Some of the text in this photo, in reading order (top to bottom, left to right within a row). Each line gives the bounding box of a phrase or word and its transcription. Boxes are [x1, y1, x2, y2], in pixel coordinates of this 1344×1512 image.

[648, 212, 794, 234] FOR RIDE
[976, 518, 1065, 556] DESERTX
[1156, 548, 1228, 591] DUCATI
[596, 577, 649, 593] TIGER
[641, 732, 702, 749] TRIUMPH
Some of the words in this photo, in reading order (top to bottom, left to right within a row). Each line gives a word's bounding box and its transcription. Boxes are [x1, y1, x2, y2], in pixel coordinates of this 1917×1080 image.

--

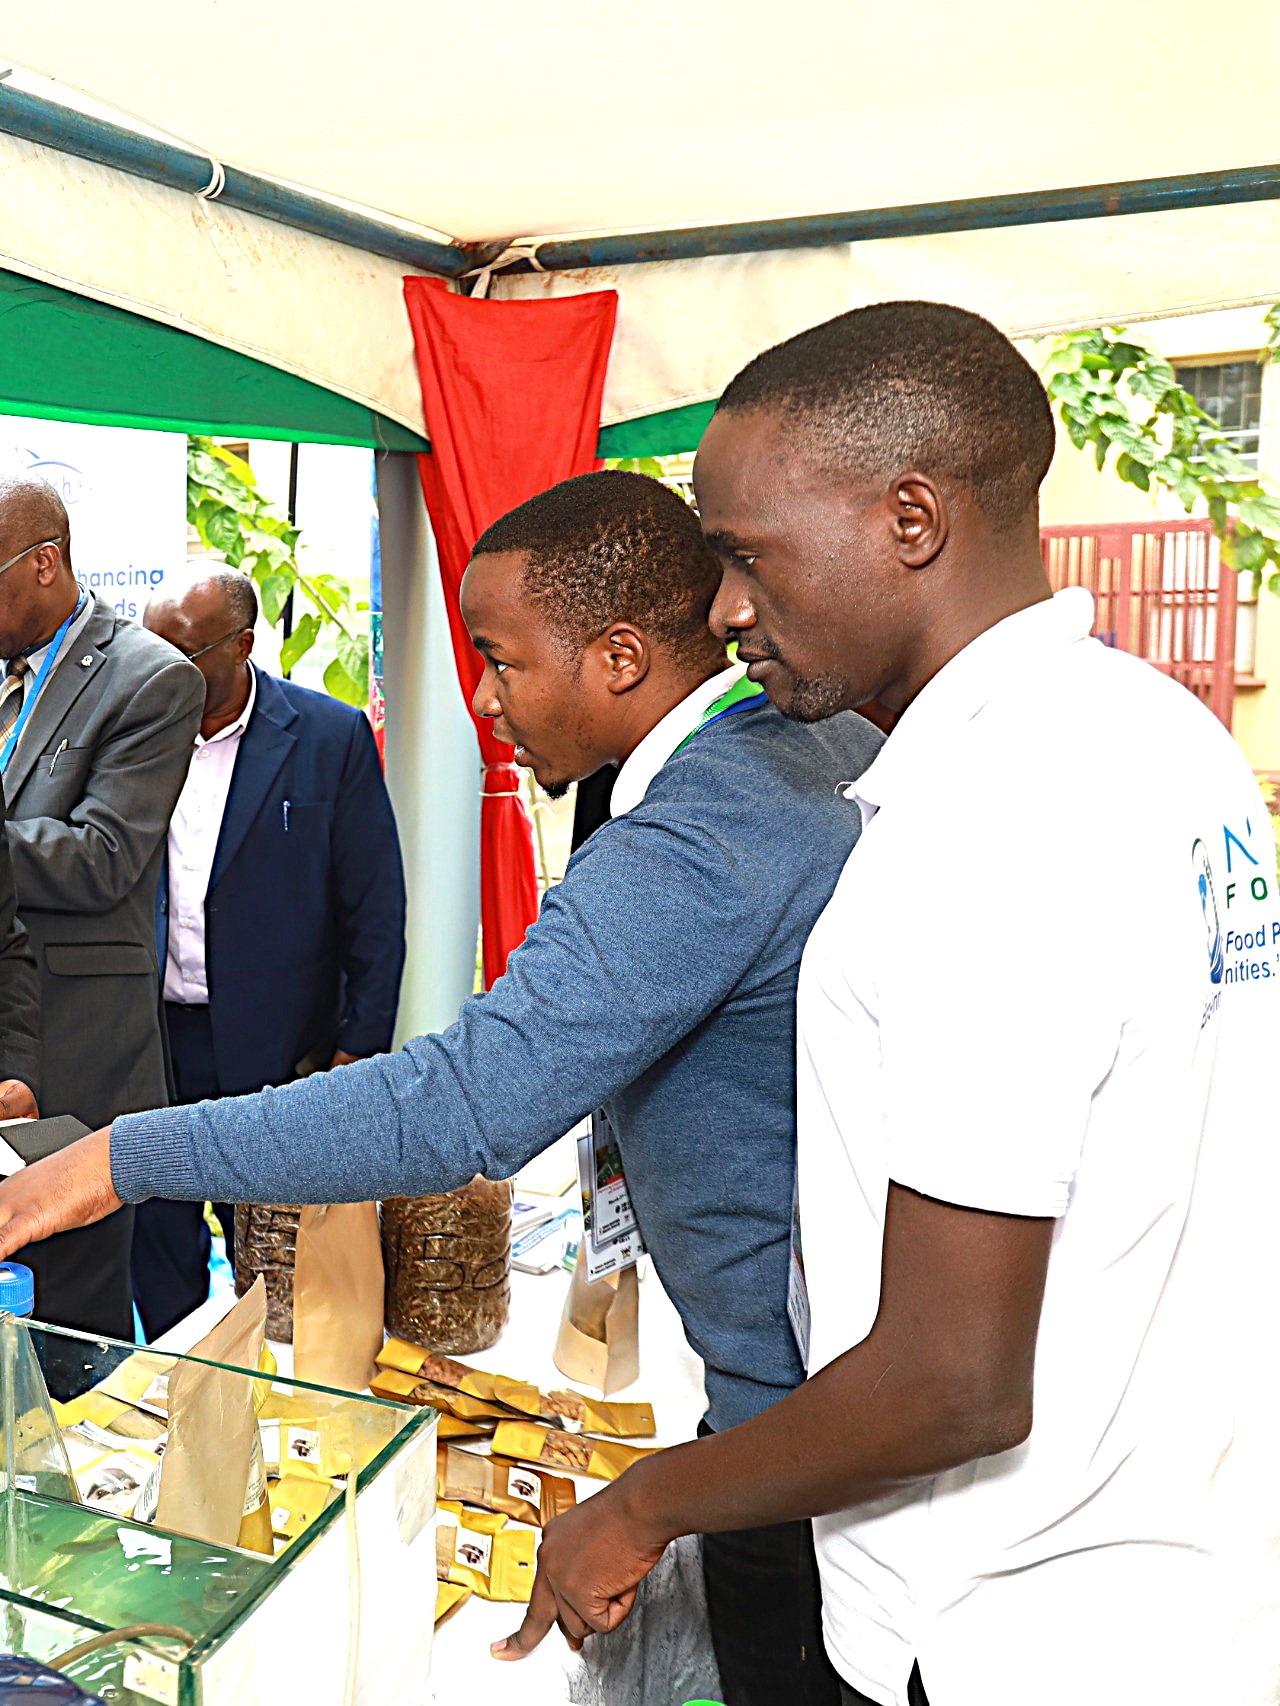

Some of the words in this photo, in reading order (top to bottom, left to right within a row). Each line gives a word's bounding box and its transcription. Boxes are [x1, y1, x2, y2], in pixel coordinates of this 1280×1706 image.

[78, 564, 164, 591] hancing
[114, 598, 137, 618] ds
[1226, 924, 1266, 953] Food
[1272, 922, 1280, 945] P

- Prompt: Return only the part of the records above that opens with the line containing "Some of the text" and closes with the line containing "this 1917×1080 image.", ends included.

- Your response:
Some of the text in this photo, in reading order (top to bottom, left to right within a row). Each line gives the bounding box of a phrase or word and its transcription. Boxes are [x1, y1, x2, y2], in pixel coordinates of this 1344×1512 image.

[648, 212, 794, 234] FOR RIDE
[976, 518, 1065, 556] DESERTX
[1156, 548, 1228, 591] DUCATI
[596, 577, 649, 593] TIGER
[641, 732, 702, 749] TRIUMPH
Some of the words in this photo, in reading order (top to bottom, left to right within a row). Each line gives a word's bounding box and its transcription. Boxes are [x1, y1, x2, y2], in pixel coordinates of this 1917×1080 image.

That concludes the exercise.